--- RECORDS ---

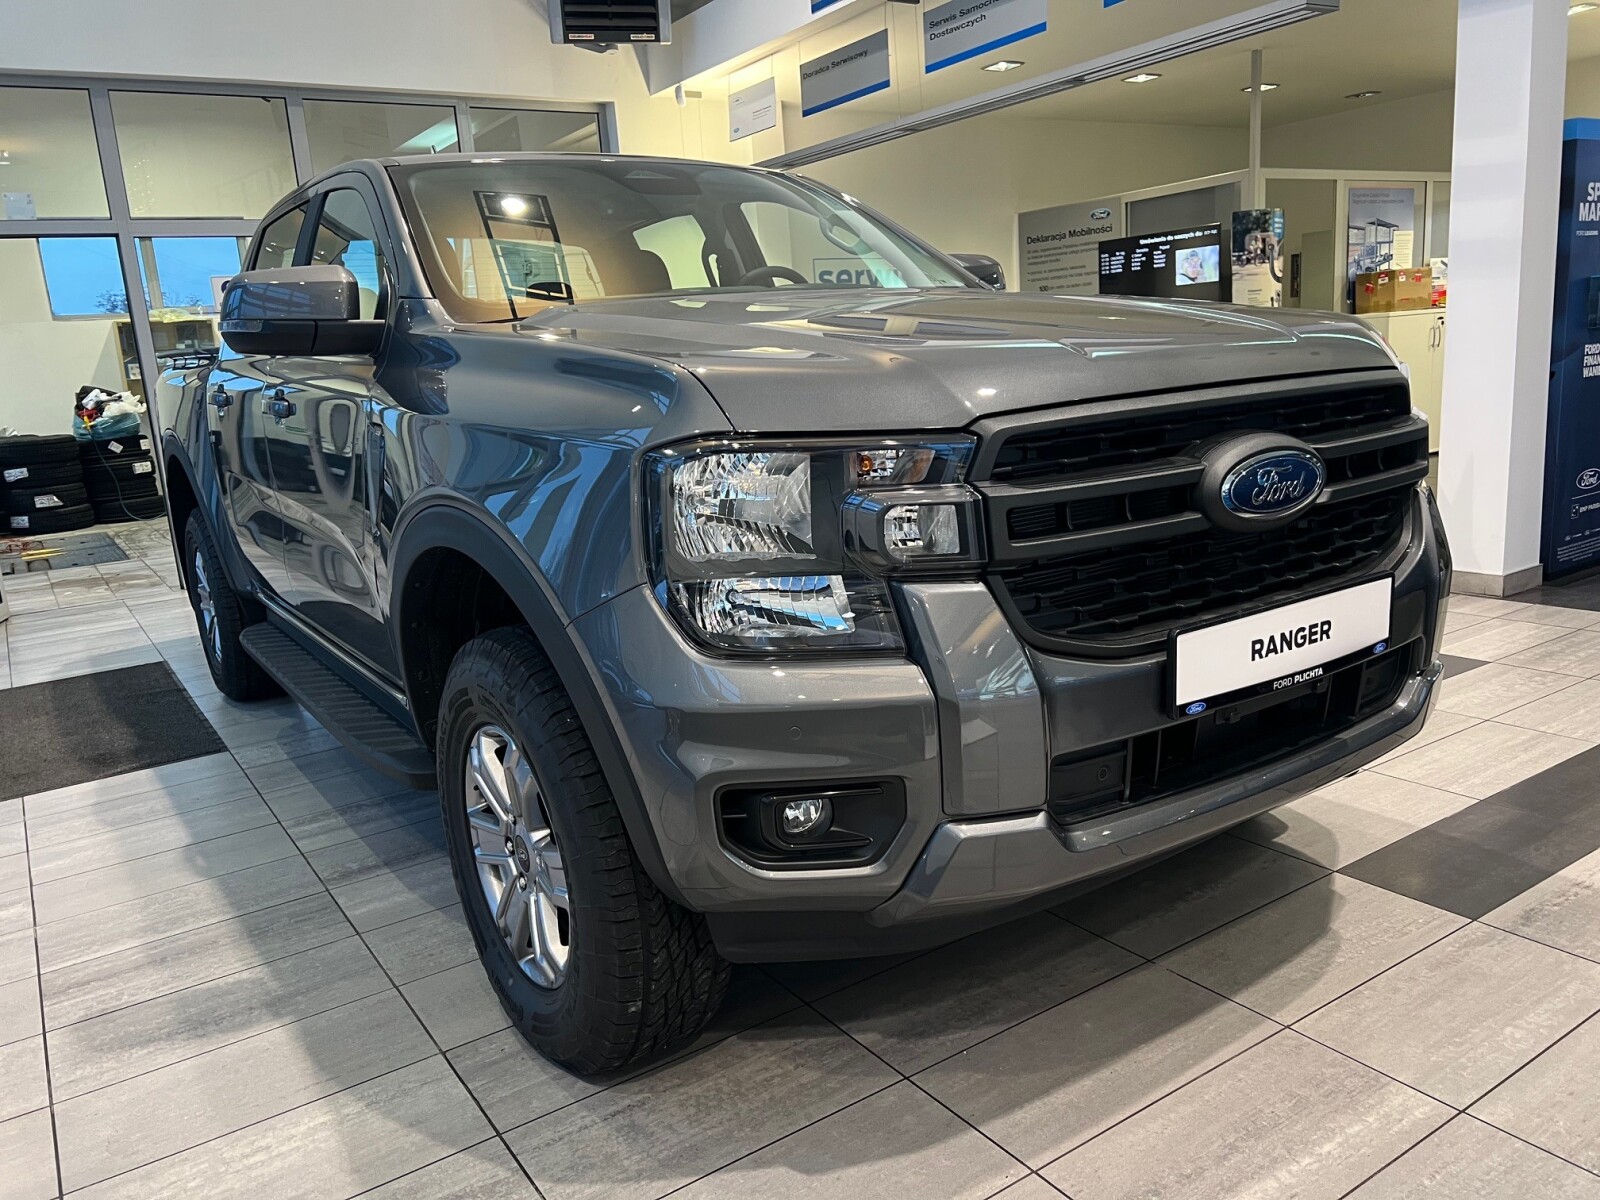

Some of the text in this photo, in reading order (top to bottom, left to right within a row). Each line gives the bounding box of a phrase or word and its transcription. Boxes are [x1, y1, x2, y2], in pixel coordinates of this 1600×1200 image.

[929, 13, 957, 29] Serwis
[929, 13, 986, 41] Dostawczych
[802, 49, 869, 80] Doradca Serwisowy
[1026, 224, 1113, 245] Deklaracja Mobilności
[1252, 464, 1306, 506] Ford
[1581, 471, 1599, 487] Ford
[1251, 619, 1332, 662] RANGER
[1273, 667, 1324, 690] FORD PLICHTA
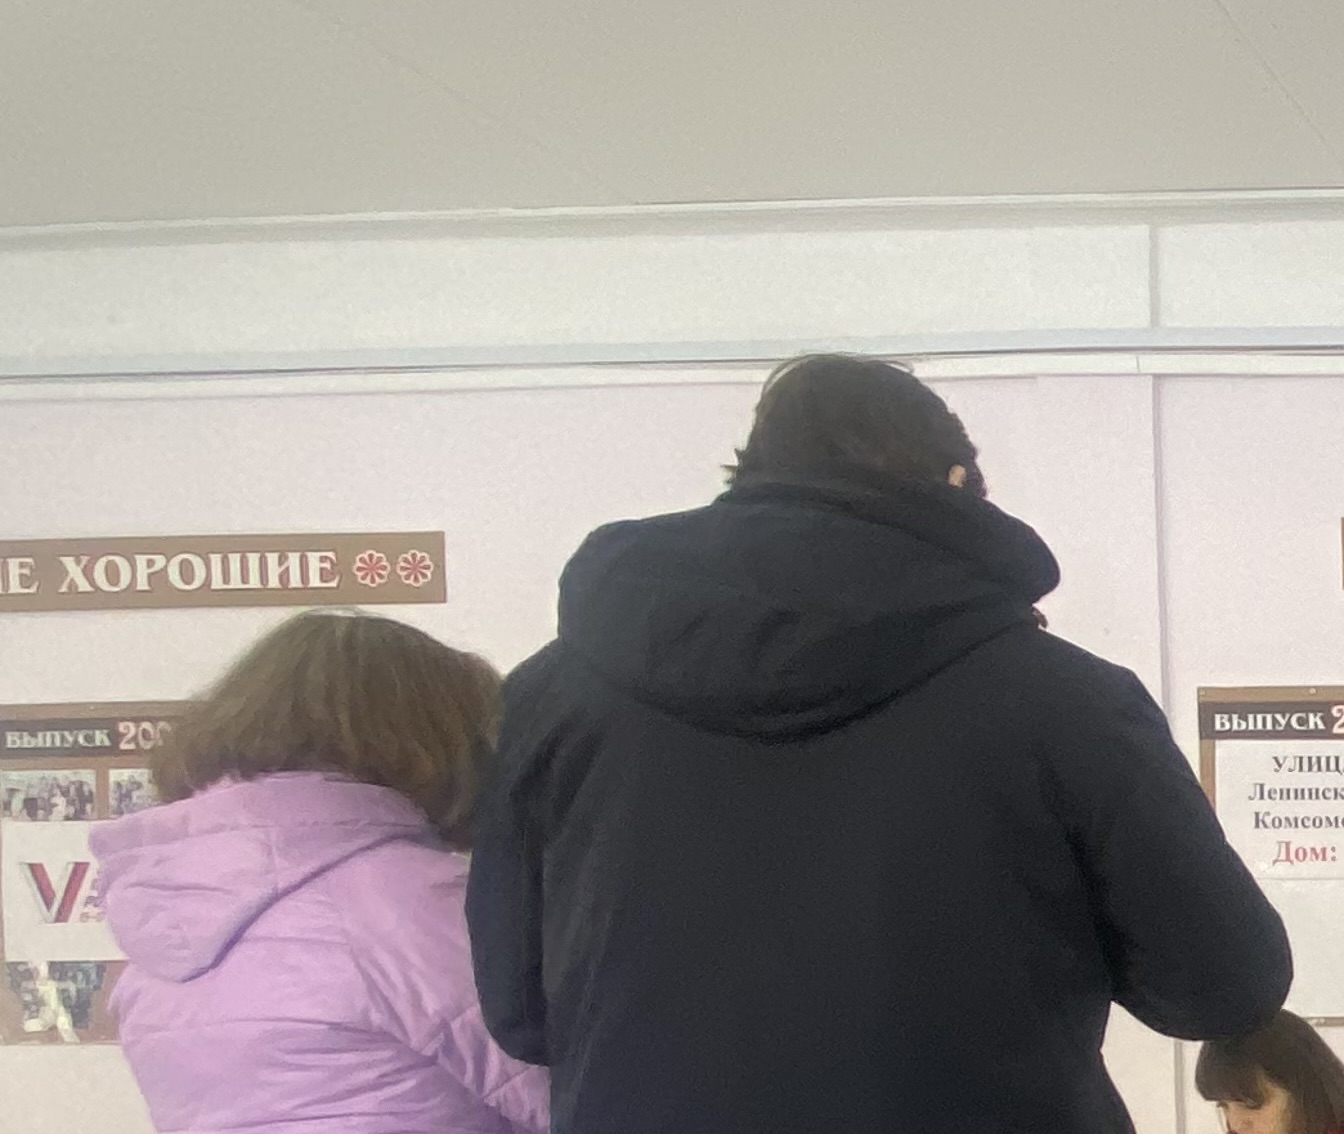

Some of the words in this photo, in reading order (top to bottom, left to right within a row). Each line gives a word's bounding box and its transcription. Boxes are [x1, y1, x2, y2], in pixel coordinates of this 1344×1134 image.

[0, 556, 39, 595] Е
[58, 551, 341, 593] ХОРОШИЕ
[1213, 712, 1326, 732] ВЫПУСК
[5, 729, 112, 749] ВЫПУСК
[1272, 841, 1337, 865] Дом:
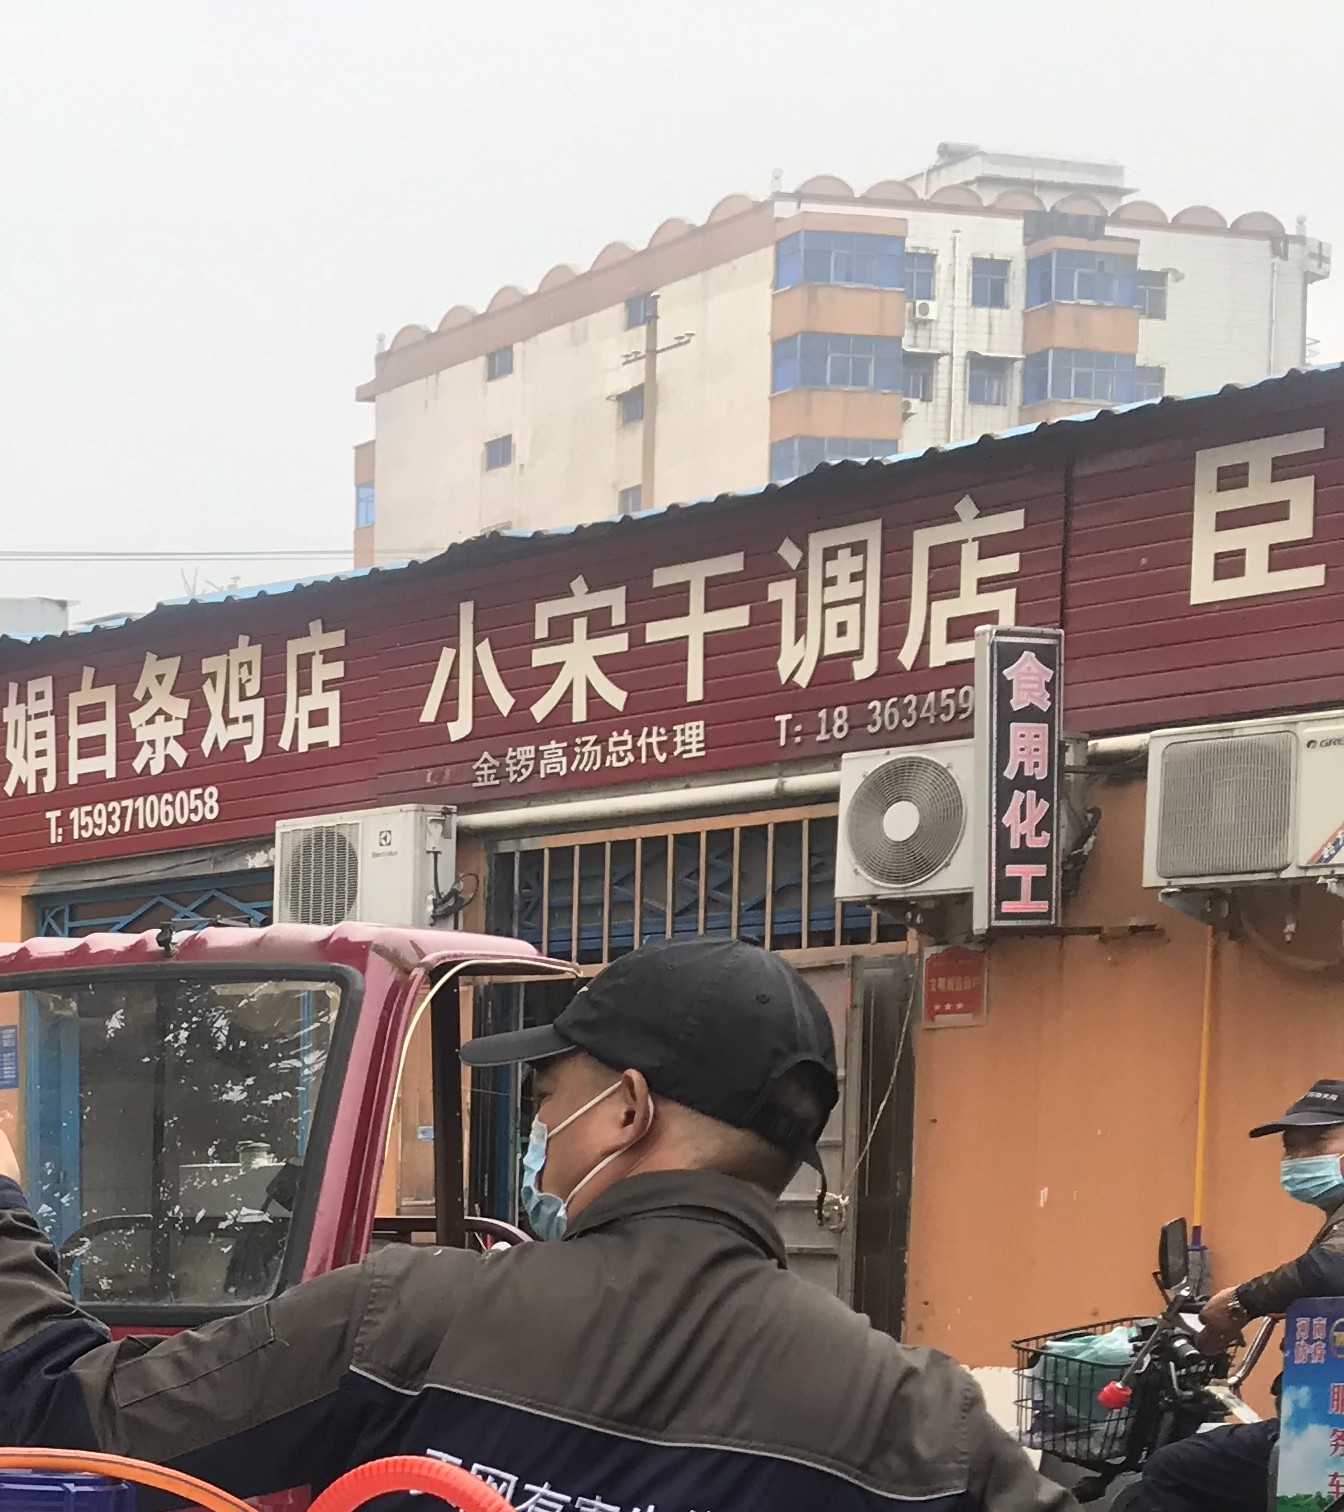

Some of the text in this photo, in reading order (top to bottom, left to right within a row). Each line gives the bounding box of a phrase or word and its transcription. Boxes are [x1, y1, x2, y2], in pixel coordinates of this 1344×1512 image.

[1190, 427, 1326, 605] 臣
[419, 495, 1026, 742] 小宋干调店
[69, 786, 219, 840] 15937106058
[471, 720, 706, 788] 金锣高汤总代理
[1001, 650, 1054, 913] 食用化工
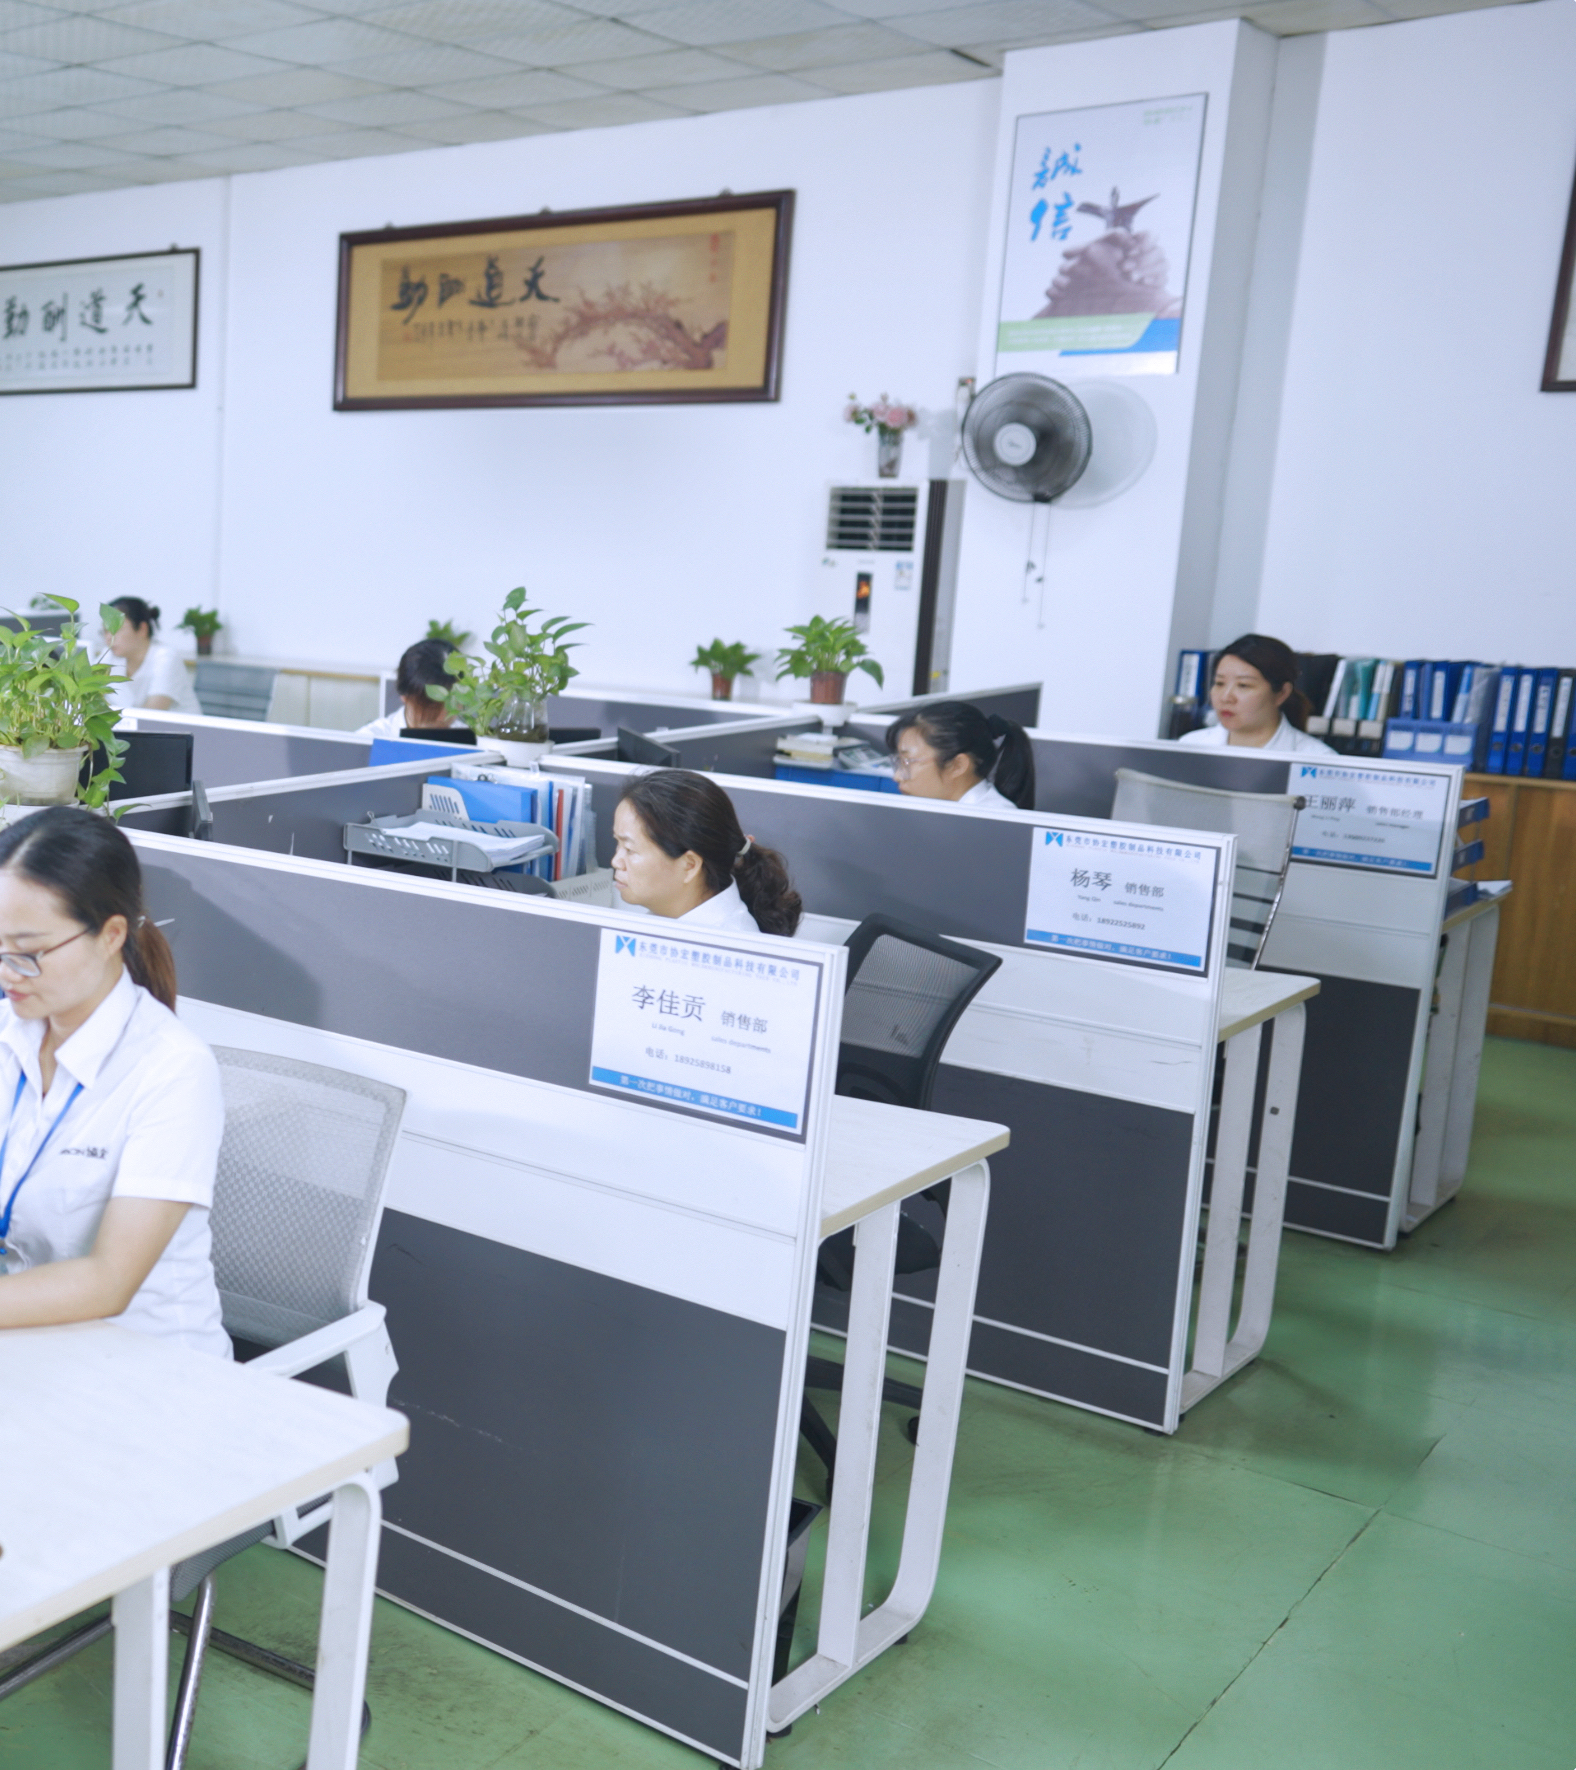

---

▶ **WORK ORDER**
Output the entries above exactly. Drop the pictures.

▶ **ANSWER SPACE**
Some of the text in this photo, in reading order (top to bottom, left to right within a row). Each line gives the bounding box of a phrase or word and its transcription. Boxes are [x1, y1, x2, y2], in pixel coordinates of this 1600×1200 image.

[929, 13, 957, 29] Serwis
[929, 13, 986, 41] Dostawczych
[802, 49, 869, 80] Doradca Serwisowy
[1026, 224, 1113, 245] Deklaracja Mobilności
[1252, 464, 1306, 506] Ford
[1581, 471, 1599, 487] Ford
[1251, 619, 1332, 662] RANGER
[1273, 667, 1324, 690] FORD PLICHTA

Some of the words in this photo, in reading order (top to bottom, left to right within a row). Each line gives a word's bounding box and its transcription. Boxes are [x1, y1, x2, y2], in pixel coordinates of this 1344×1134 image.

[0, 556, 39, 595] Е
[58, 551, 341, 593] ХОРОШИЕ
[1213, 712, 1326, 732] ВЫПУСК
[5, 729, 112, 749] ВЫПУСК
[1272, 841, 1337, 865] Дом:

Some of the text in this photo, in reading order (top to bottom, left to right within a row). Each line gives the bounding box of a phrase or word and its transcription. Boxes are [x1, y1, x2, y2], in pixel coordinates of this 1344×1512 image.

[1190, 427, 1326, 605] 臣
[419, 495, 1026, 742] 小宋干调店
[69, 786, 219, 840] 15937106058
[471, 720, 706, 788] 金锣高汤总代理
[1001, 650, 1054, 913] 食用化工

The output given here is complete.